Interessantes und Neues

KI und Antifeminismus

Katharina Crepaz von der Bozner Denkfabrik Eurac Research spricht am 8. Mai in der urania Meran (ab 19 Uhr) über geschlechtsspezifische digitale Gewalt und die sog. „Manosphere“. Welche Gefahren gehen von diesem Phänomen aus? Wer sind die wichtigsten Akteure? Die Forscherin gibt vorab schon einige Einsichten in das aktuelle Thema.

Katharina Crepaz: "KI hat mit einer Vielzahl von strukturellen Vorurteilen zu kämpfen. Die Ursache besteht in gesellschaftlichen Ungleichheiten, die sich in den zur Verfügung stehenden Daten widerspiegeln." (Bild: Silbersalz ©)

Können Sie einen Überblick über Künstliche Intelligenz (KI) geben und erklären, wie sie verschiedene Bereiche wie Medien, Politik und Bildung beeinflusst?
Katharina Crepaz: KI-Systeme sind mittlerweile allgegenwärtig, am häufigsten diskutiert wurden in letzter Zeit wohl Sprachmodelle wie ChatGPT oder Systeme zur Erstellung von Bildern wie Midjourney. Schon anhand von diesen beiden Beispielen sehen wir, wie viele Gesellschaftsbereiche von KI beeinflusst werden: Wie können wir künftig an Universitäten noch Prüfungen in Form von wissenschaftlichen Arbeiten abhalten, wenn diese mühelos von ChatGPT geschrieben werden können? Was ist der Wert von Künstler:innen und deren Werken, wenn man sich auch dafür an KI wenden kann? Neben grundsätzlichen gesellschaftlichen Entwicklungen, die wir diskutieren müssen, gibt es auch Phänomene wie Deepfakes, die besonders gefährlich sind: Wer kann noch beurteilen, was wirklich so geäußert wurde, und was nicht? Es gibt Akteur:innen, die über solche Falschmeldungen auch die internationale Politik beeinflussen und zum Beispiel Wahlen in eine bestimmte Richtung lenken können.
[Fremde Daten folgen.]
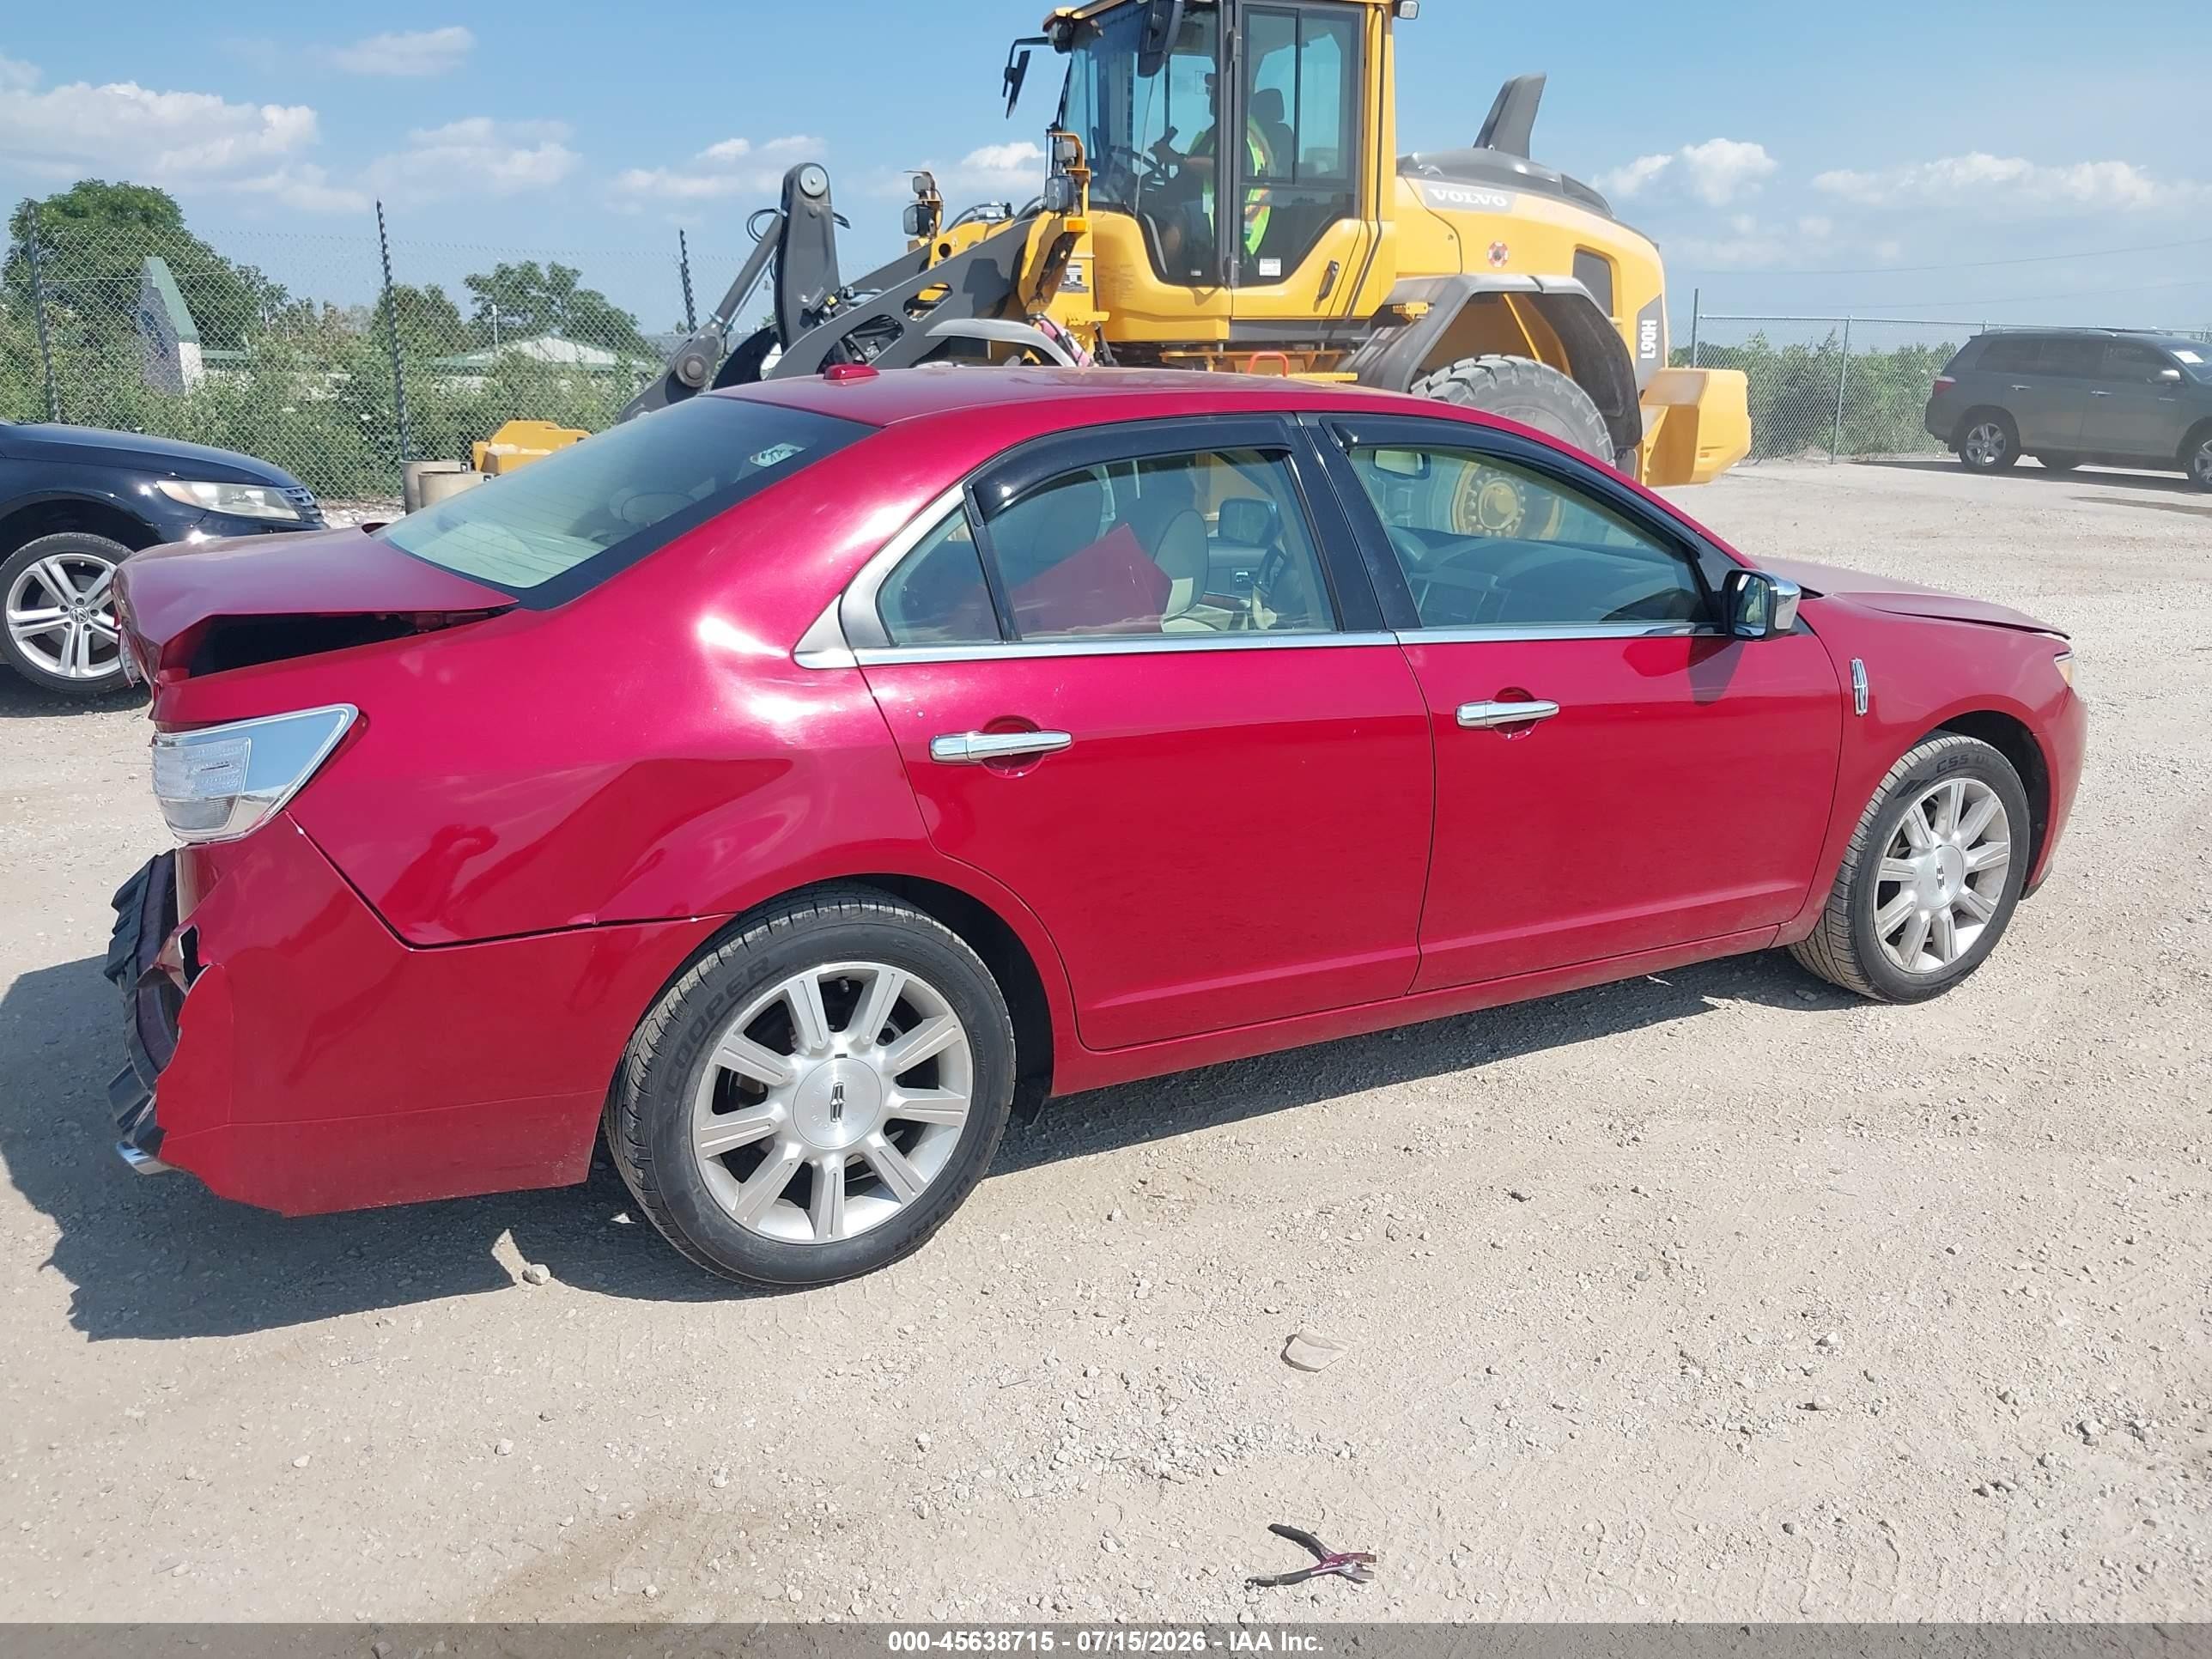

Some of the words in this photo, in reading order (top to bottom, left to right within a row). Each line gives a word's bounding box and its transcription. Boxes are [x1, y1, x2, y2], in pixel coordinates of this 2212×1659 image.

[1428, 188, 1508, 207] VOLVO
[1640, 319, 1657, 359] L90H
[665, 956, 770, 1094] COOPER
Inwiefern sind Frauen im Internet spezifischen Gefahren, wie beispielsweise Hate Speech und Antifeminismus, ausgesetzt, und welche Rolle spielt dabei die Anwendung von KI?
Frauen sind im Internet vor allem geschlechtsbezogener Gewalt ausgesetzt, Hate Speech ist eine Form davon. Geschlechtsbezogene Gewalt bedeutet, dass Frauen aufgrund der Tatsache, dass sie Frauen sind, vermehrt angegriffen werden, und sprachliche Gewalt ist dabei ebenfalls ganz klar als Form von Gewalt einzustufen. Wir sehen etwa bei Politikerinnen, dass die Muster der Übergriffe immer ähnlich sind: Angriffe basierend auf äußerlichen Merkmalen (zum Beispiel Bodyshaming bei der deutschen Grünen-Politikerin Ricarda Lang), Absprechen von Kompetenz, Gewaltfantasien und Vergewaltigungswünsche. Die antifeministische Szene online formiert sich in der sogenannten Manosphere, einem losen Netzwerk von frauenfeindlichen Gruppen. Gemeinsam ist ihnen eine misogyne, also frauenverachtende Grundhaltung, und dass Frauen bzw. der Feminismus als Verantwortliche für die eigenen Schwierigkeiten und vermeintlich negative gesellschaftliche Entwicklungen dargestellt werden.

Welche Vorstellungen von Weiblichkeit und Männlichkeit werden dabei propagiert?
Es werden vor allem sehr traditionelle und sehr enge Vorstellungen von Weiblichkeit und Männlichkeit transportiert: Frauen sind fürsorglich, sanft, passiv, Alpha-Männer sind stark, dominierend, aktiv. Für alle Geschlechter wirken sie sehr einschränkend. Die Manosphere ist vor allem auf TikTok sehr aktiv, und erreicht somit auch vermehrt ein sehr junges Publikum; der Erfolg etwa von rechtspopulistischen Akteur:innen und deren Reichweite zeigen, dass vor allem TikTok als Medium zu lange bestimmten Gruppierungen überlassen wurde. Der Algorithmus der Plattform tut dann sein Übriges zur Radikalisierung: Je mehr Content einem Thema ich konsumiere, desto mehr wird mir davon auch weiterhin angezeigt, und ich komme mit gegensätzlichen Meinungen nicht mehr in Berührung.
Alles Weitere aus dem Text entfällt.